“Guilty Pleasure” Book Review: The Happy Ever After Playlist

Using the term in quotations makes it not real, right? Remember, no shame allowed on this blog!

After Buzzfeed published its list of romance novels to read over the summer (you know, beach reads, mainly targeted at women..which I love,) I immediately put holds on most of them. Buzzfeed does do a great list of books. This particular list was diverse and intriguing to a teacher about to have a lot more time for reading. I have gotten through a few on the list and wanted to spotlight one that many people loved and I found to be just okay.

The Happy Ever AFter Playlist

The Happy Ever After Playlist by Abby Jimenez

BEYOND THREE STARS RATING: 3 STARS

Trying not to give books three stars, but honestly, I found this one to be just okay. The Happy Ever After Playlist starts out with a dog jumping into to the car of Sloan Monroe; a character who lost her fiance in an accident and is having trouble finding herself and moving on.
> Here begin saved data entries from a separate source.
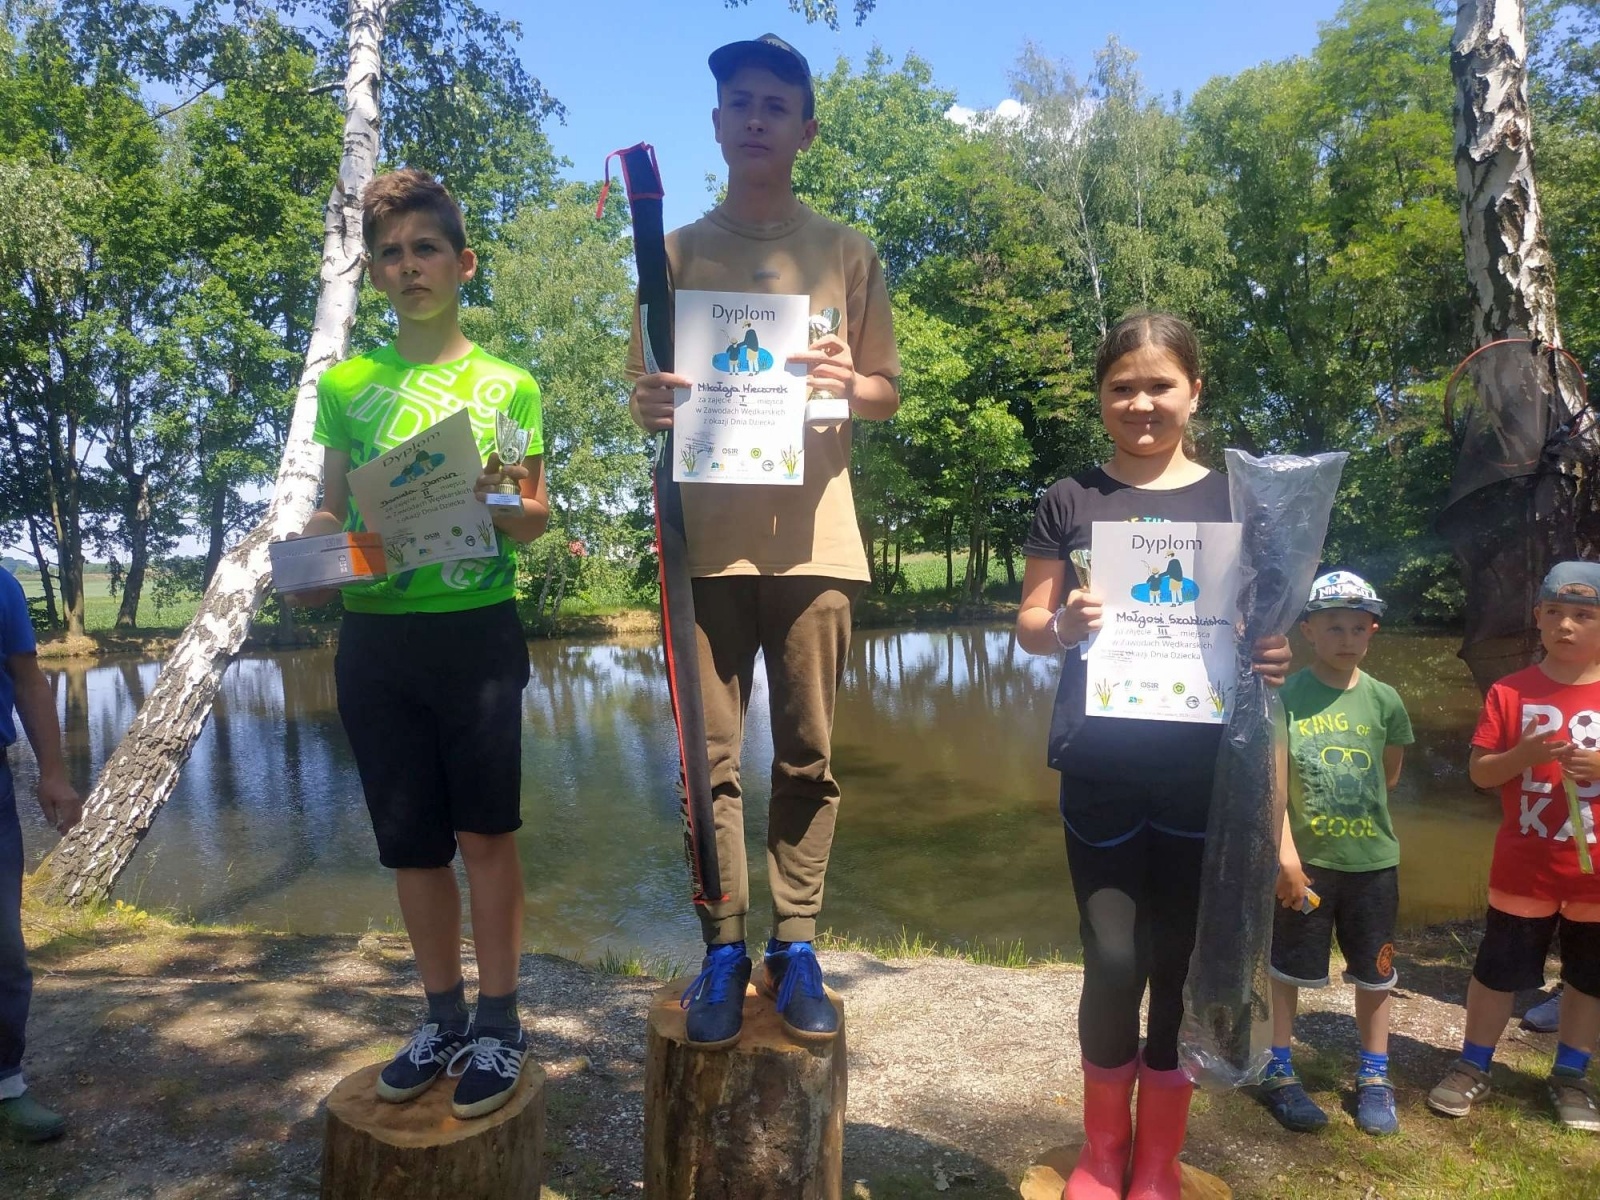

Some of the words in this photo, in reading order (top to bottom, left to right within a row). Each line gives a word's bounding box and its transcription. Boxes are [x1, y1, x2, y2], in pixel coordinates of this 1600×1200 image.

[711, 303, 776, 325] Dyplom
[707, 396, 731, 405] zajęcie
[757, 398, 784, 407] miejsca
[703, 406, 739, 415] Zawodach
[741, 407, 786, 416] Wędkarskich
[708, 418, 729, 427] okazji
[749, 418, 776, 426] Dziecka
[382, 431, 441, 468] Dyplom
[428, 487, 473, 504] Wędkarskich
[439, 498, 467, 511] Dziecka
[1131, 534, 1203, 554] Dyplom
[1180, 630, 1210, 639] miejsca
[1161, 640, 1213, 650] Wędkarskich
[1150, 650, 1168, 659] Dnia
[1170, 651, 1201, 660] Dziecka
[1298, 711, 1349, 737] KING
[1356, 724, 1370, 737] OF
[1310, 815, 1377, 838] COOL
Luckily for her, the dog’s owner, handsome rockstar Jason, is away and she has found herself a new friend in the dog and a flirty penpal in the man.

The plot was fun and predictable. The characters were quirky and mostly well rounded. I really liked the main character’s best friend who was fierce and protective of Sloan, but also hilarious. I really enjoyed the villainizing of the media and music industry. The story does dig into grief, loss, and the toll fame can take on a person’s mental health fairly well. Sometimes it all seemed a little overly dramatic to me and I worried that it made the otherwise strong Sloan seem like she needed saving, but this drama certainly added to the evolution of the characters and their relationships.
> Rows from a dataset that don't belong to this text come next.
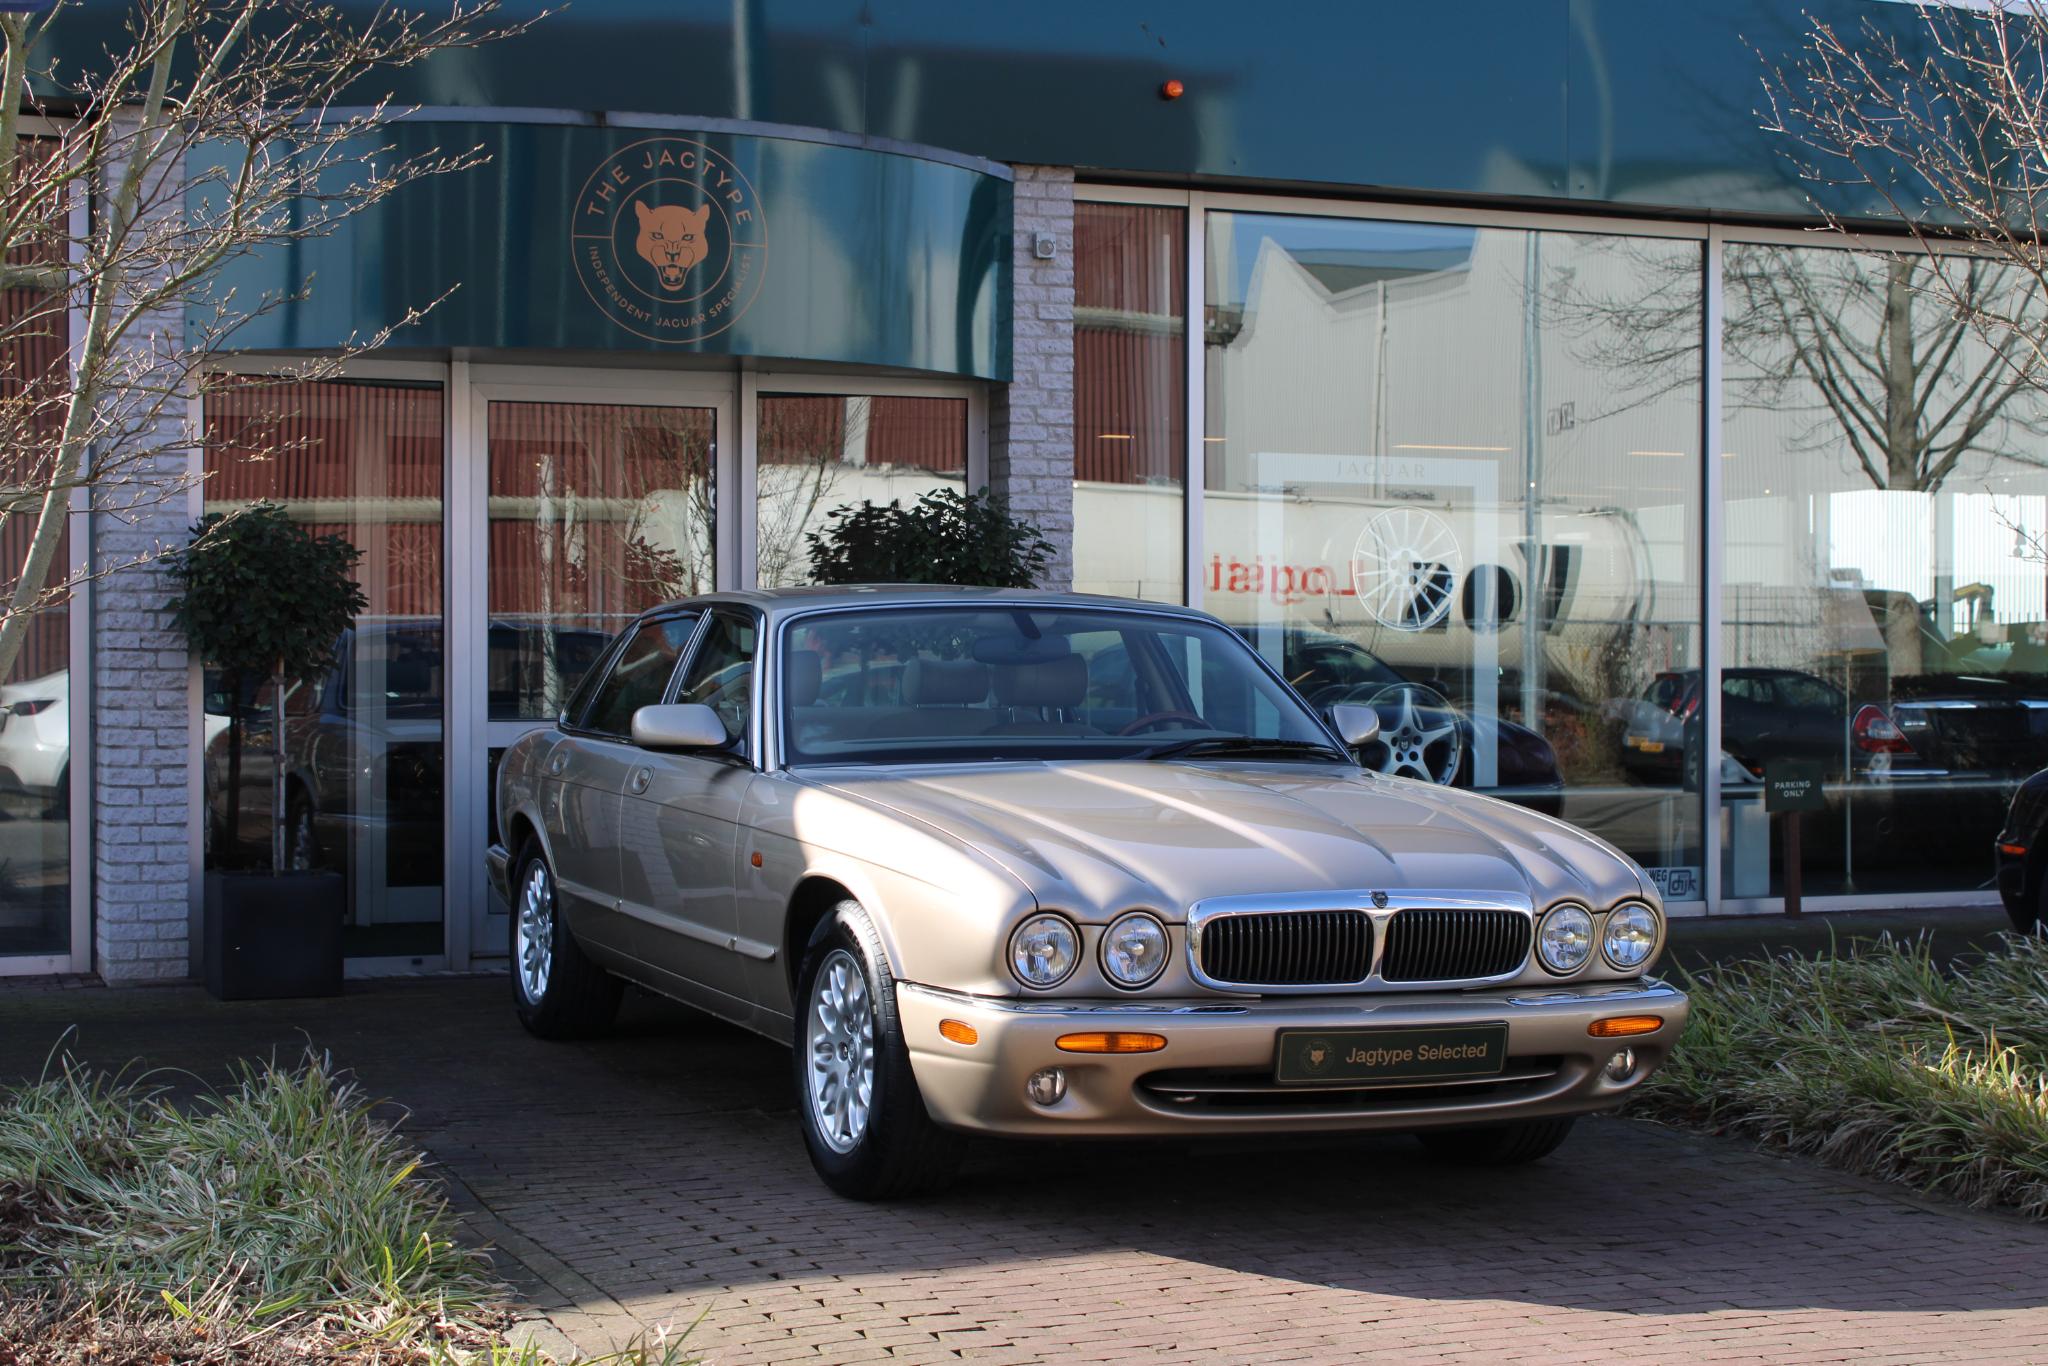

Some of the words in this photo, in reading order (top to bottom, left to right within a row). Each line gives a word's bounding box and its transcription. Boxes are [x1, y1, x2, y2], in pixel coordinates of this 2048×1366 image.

[587, 165, 630, 217] THE
[642, 149, 753, 225] JAGTYPE
[588, 246, 652, 322] INDEPENDENT
[655, 313, 706, 328] JAGUAR
[709, 253, 753, 317] SPECIALIST
[1335, 461, 1425, 478] JAGUAR
[1774, 780, 1811, 790] PARKING
[1783, 790, 1805, 798] ONLY
[1346, 1047, 1413, 1066] Jagtype
[1417, 1042, 1487, 1061] Selected
Otherwise, I mostly finished it to finish it. Cute, but nothing super special…to be fair, I am very hard to surprise or impress when it comes to this type of novels.
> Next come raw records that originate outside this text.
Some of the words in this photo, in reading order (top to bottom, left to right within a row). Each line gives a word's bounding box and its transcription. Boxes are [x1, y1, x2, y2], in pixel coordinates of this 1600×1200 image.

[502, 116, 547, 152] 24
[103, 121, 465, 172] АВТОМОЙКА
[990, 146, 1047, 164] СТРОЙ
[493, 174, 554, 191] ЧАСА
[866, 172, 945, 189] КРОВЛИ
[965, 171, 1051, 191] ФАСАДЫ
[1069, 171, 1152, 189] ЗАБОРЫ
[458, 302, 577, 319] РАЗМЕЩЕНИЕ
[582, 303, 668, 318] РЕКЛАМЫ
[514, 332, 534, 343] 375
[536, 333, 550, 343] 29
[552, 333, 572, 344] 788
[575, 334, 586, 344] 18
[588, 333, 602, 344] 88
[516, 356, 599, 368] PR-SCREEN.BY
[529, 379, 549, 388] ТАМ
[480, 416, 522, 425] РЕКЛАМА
If you are looking for something fun, you can find it here!

On Reading BIPOC: Reviews of The Underground Railroad and There There.

As a reader, I am often drawn to the same genres (mystery, YA, historical fiction) with similar settings (Victorian England) and characters (spunky spinster women that solve crime and end up winning over the tall, handsome, grumpy man.)

I do read everything that I can, but I recognize that I need to expand my reading of BIPOC even further. I always made a purposeful choice to read diverse authors, but re-prioritized this after hearing author Varian Johnson speak at the Boston Globe Horn Book Award Ceremony in 2018. He told the librarians and teachers in the audience that we need to think about who is in our classroom and choose books for them. Children need to see themselves in what they are reading and need exposure to other children that are not like them. Representation and the cultivation of empathy became an even more important goal in my classroom and in my life.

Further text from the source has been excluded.